_Work item:_ Print the data below exactly as it appears.

Dataset entries:
<<<<

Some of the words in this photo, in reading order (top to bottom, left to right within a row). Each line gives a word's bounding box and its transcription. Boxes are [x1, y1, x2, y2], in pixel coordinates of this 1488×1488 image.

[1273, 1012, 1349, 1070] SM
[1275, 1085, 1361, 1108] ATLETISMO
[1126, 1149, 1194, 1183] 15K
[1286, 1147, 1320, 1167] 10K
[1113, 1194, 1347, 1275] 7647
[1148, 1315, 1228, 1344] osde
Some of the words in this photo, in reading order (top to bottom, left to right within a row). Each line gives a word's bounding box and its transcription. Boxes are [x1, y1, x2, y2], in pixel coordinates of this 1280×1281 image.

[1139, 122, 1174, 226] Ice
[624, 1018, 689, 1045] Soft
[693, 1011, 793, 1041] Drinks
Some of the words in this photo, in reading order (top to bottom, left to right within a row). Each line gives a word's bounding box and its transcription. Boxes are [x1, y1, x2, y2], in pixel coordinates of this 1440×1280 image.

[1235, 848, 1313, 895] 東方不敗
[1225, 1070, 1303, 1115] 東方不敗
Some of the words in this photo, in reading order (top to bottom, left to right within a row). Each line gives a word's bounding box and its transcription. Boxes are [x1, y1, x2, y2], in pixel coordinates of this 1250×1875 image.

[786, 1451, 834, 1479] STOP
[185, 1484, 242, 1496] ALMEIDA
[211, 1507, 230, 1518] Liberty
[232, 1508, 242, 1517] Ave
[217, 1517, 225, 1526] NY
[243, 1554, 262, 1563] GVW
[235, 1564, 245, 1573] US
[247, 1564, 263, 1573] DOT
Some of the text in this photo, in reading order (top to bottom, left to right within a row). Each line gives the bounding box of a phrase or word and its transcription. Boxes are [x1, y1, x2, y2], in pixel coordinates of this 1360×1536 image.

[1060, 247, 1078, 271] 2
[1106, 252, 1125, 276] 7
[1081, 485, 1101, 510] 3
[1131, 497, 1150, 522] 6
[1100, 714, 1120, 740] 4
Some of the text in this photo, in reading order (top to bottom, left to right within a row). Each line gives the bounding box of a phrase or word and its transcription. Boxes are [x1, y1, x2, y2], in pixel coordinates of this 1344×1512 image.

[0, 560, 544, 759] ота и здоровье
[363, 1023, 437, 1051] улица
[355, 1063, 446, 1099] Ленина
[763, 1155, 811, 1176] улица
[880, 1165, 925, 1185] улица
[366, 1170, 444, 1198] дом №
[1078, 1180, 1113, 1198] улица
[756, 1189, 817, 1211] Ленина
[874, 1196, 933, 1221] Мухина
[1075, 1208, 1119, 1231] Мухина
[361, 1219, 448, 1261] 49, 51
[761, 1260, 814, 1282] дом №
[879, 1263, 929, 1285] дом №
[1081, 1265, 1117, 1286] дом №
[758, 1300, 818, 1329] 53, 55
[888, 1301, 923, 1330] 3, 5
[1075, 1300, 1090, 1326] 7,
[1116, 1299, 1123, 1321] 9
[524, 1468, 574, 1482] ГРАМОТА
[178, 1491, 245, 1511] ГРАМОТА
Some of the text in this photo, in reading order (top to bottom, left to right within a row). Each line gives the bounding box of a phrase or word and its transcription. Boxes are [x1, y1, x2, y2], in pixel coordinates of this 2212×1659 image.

>>>>

_Response below:_
Some of the words in this photo, in reading order (top to bottom, left to right within a row). Each line gives a word's bounding box and its transcription. Boxes are [x1, y1, x2, y2], in pixel coordinates of this 1488×1488 image.

[1273, 1012, 1349, 1070] SM
[1275, 1085, 1361, 1108] ATLETISMO
[1126, 1149, 1194, 1183] 15K
[1286, 1147, 1320, 1167] 10K
[1113, 1194, 1347, 1275] 7647
[1148, 1315, 1228, 1344] osde
Some of the words in this photo, in reading order (top to bottom, left to right within a row). Each line gives a word's bounding box and its transcription. Boxes are [x1, y1, x2, y2], in pixel coordinates of this 1280×1281 image.

[1139, 122, 1174, 226] Ice
[624, 1018, 689, 1045] Soft
[693, 1011, 793, 1041] Drinks
Some of the words in this photo, in reading order (top to bottom, left to right within a row). Each line gives a word's bounding box and its transcription. Boxes are [x1, y1, x2, y2], in pixel coordinates of this 1440×1280 image.

[1235, 848, 1313, 895] 東方不敗
[1225, 1070, 1303, 1115] 東方不敗
Some of the words in this photo, in reading order (top to bottom, left to right within a row). Each line gives a word's bounding box and its transcription. Boxes are [x1, y1, x2, y2], in pixel coordinates of this 1250×1875 image.

[786, 1451, 834, 1479] STOP
[185, 1484, 242, 1496] ALMEIDA
[211, 1507, 230, 1518] Liberty
[232, 1508, 242, 1517] Ave
[217, 1517, 225, 1526] NY
[243, 1554, 262, 1563] GVW
[235, 1564, 245, 1573] US
[247, 1564, 263, 1573] DOT
Some of the text in this photo, in reading order (top to bottom, left to right within a row). Each line gives the bounding box of a phrase or word and its transcription. Boxes are [x1, y1, x2, y2], in pixel coordinates of this 1360×1536 image.

[1060, 247, 1078, 271] 2
[1106, 252, 1125, 276] 7
[1081, 485, 1101, 510] 3
[1131, 497, 1150, 522] 6
[1100, 714, 1120, 740] 4
Some of the text in this photo, in reading order (top to bottom, left to right within a row). Each line gives the bounding box of a phrase or word and its transcription. Boxes are [x1, y1, x2, y2], in pixel coordinates of this 1344×1512 image.

[0, 560, 544, 759] ота и здоровье
[363, 1023, 437, 1051] улица
[355, 1063, 446, 1099] Ленина
[763, 1155, 811, 1176] улица
[880, 1165, 925, 1185] улица
[366, 1170, 444, 1198] дом №
[1078, 1180, 1113, 1198] улица
[756, 1189, 817, 1211] Ленина
[874, 1196, 933, 1221] Мухина
[1075, 1208, 1119, 1231] Мухина
[361, 1219, 448, 1261] 49, 51
[761, 1260, 814, 1282] дом №
[879, 1263, 929, 1285] дом №
[1081, 1265, 1117, 1286] дом №
[758, 1300, 818, 1329] 53, 55
[888, 1301, 923, 1330] 3, 5
[1075, 1300, 1090, 1326] 7,
[1116, 1299, 1123, 1321] 9
[524, 1468, 574, 1482] ГРАМОТА
[178, 1491, 245, 1511] ГРАМОТА
Some of the text in this photo, in reading order (top to bottom, left to right within a row). Each line gives the bounding box of a phrase or word and its transcription. Boxes are [x1, y1, x2, y2], in pixel coordinates of this 2212×1659 image.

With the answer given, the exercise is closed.